■2016年立春ネット句会■
■入賞発表/2016年2月4日
【金賞】
★大鉢に椿をどんと活ける店/祝恵子
椿は、瓶や大鉢に惜しみなく、どんと活けるのが似合う。春が店頭に惜しみなくある。いかにも清潔で活気ある店のたたずまいが想像できる。たっぷりとした椿が春を告げている。(高橋正子)
【銀賞句】
★水揚げてリハビリ室の花菜の黄/柳原美知子
リハビリという根気がいる治療に、気がめいることもあるだろうが、春を先駆けて菜の花が活けてある。水をよく吸い上げて黄色い花をほころばせ、元気だ。それを見るにつけ、励まされる思いだろう。(高橋正子)
【銅賞2句】
★立春や木立の影はまっすぐに/古田敬二
立春の声を聞くと、辺りはどこか、伸びやかな雰囲気になる。木立の影も健やかに真直ぐ伸びている。そのことを、技巧を凝らさず詠んだところにこの句の妙味が生まれている。(高橋正子)
【高橋信之特選/8句】
★いつまでもいつものところ鴨を見て/谷口博望 (満天星)
ただ鴨を見ている、作者のその姿がいい。(高橋信之)
★大鉢に椿をどんと活ける店/祝恵子
春を迎えてのいい句だ。他に言葉を付け加え無くてよい。(高橋信之)
★水揚げてリハビリ室の花菜の黄/柳原美知子
リハビリ室の患者さんに何気なく活けてある花菜、元気を出してくださいとの職員の方の励ましでしょうね。 (祝恵子)
★たんぽぽの咲き初めしを座して見る/祝恵子
ふと気づいた咲初めの路傍のたんぽぽに、思わず足を止め座り込んで見ている様子が目に浮かびます。(高橋秀之)
★節分の豆を家族にそれぞれ買い/髙橋句美子
節分の豆を家族の人数分それぞれに買われた優しい気持ちが見えて、「福は内!」の雰囲気が醸し出された御句です。(佃 康水)
★ふきのとう明るいみどりに刻まれる/高橋句美子
ふきのとうが土を割って花芽をのぞかせる頃となりました。

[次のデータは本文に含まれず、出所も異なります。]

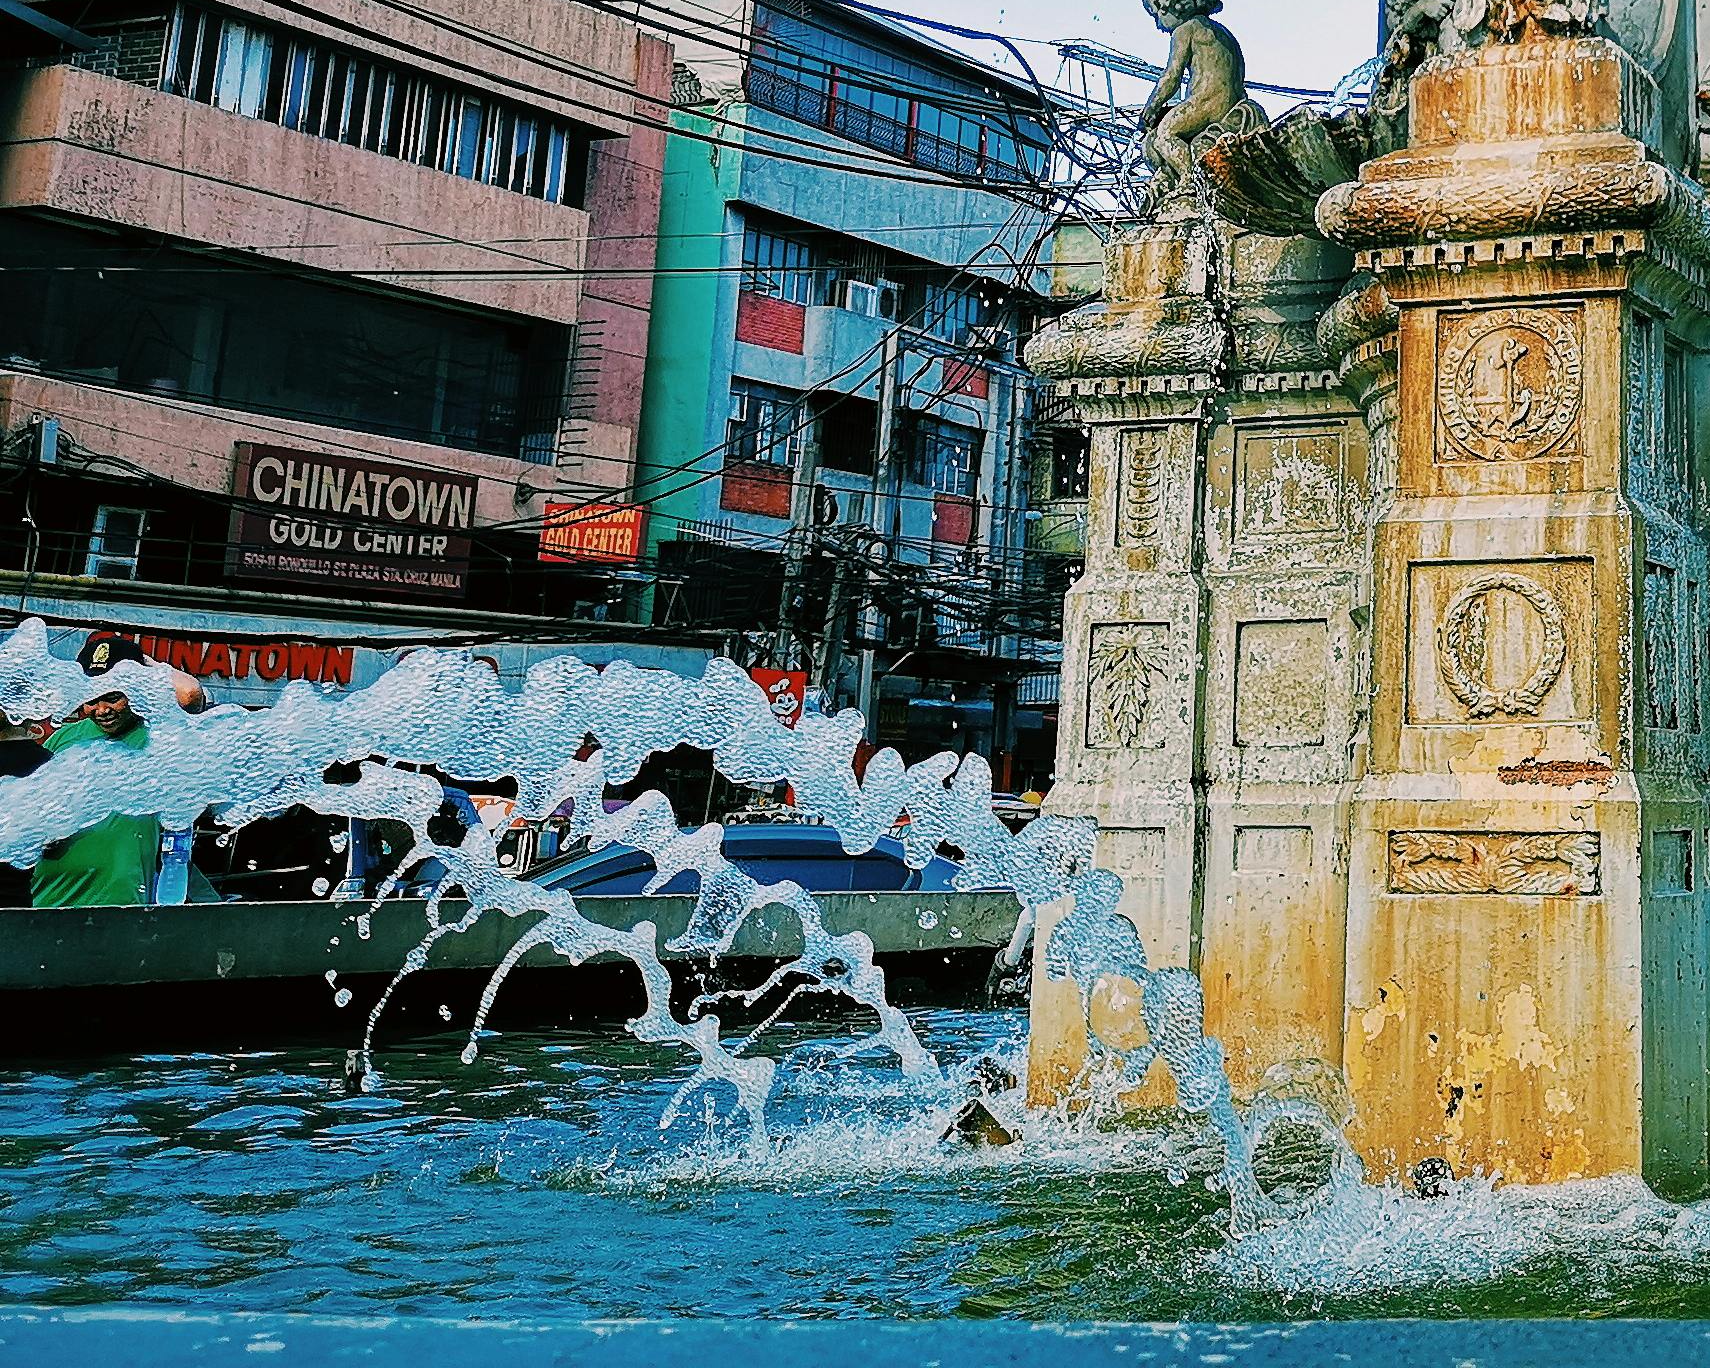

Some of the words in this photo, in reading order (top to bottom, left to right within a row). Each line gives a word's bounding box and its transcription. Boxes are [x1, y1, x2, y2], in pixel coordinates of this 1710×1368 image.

[252, 456, 473, 529] CHINATOWN
[269, 513, 343, 550] GOLD
[353, 523, 448, 561] CENTER
[545, 527, 580, 554] GOLD
[583, 527, 633, 556] CENTER
[89, 631, 355, 684] INATOWN

花の開かない内に摘み採り、味噌汁などに散らすため刻めば明るい薄緑が広がり、また香ばしい香りを放ちます。厨に立つ初々しい主婦の姿を想像致します。(佃 康水)
★料峭や手荷物チッキに上京す/桑本栄太郎
「料峭」は、春風が寒く吹くことなのだが、「料峭」としか言いえないような気候である。日差しはすでに明るく、あたたかいように思えても風は冷たい。手荷物をチッキにして、入学や就職で故郷を離れる若者も多いだろう。嬉しさと、不安と、淋しさが混じったような気持を料峭はよく表しているのではないだろうか。(高橋正子)
★立春や木立の影はまっすぐに/古田敬二
【高橋正子特選/8句】
★春立つや川の光の流れゆく/祝恵子
小川のせせらぎが春の陽光にきらきらと輝いて流れてゆく心愉しい景。童謡「春の小川」を想い出します。(河野啓一)
★囲われて檻の猿なり雪さんさん/高橋信之
雪降る中、狭い檻の中で自由を奪われ寒さに震えているであろう猿への温かいまなざしと待春の思いが感じ
られます。(柳原美知子)
★春立ちて蒼空高く鳥渡る/河野啓一
春立ちて、蒼空の高いところを鳥が渡ってゆく。きょうより春というだけで、蒼空に光が強くなり、渡る鳥の影も濃くなる。それを素直に詠んで、好感が持てる。(高橋正子)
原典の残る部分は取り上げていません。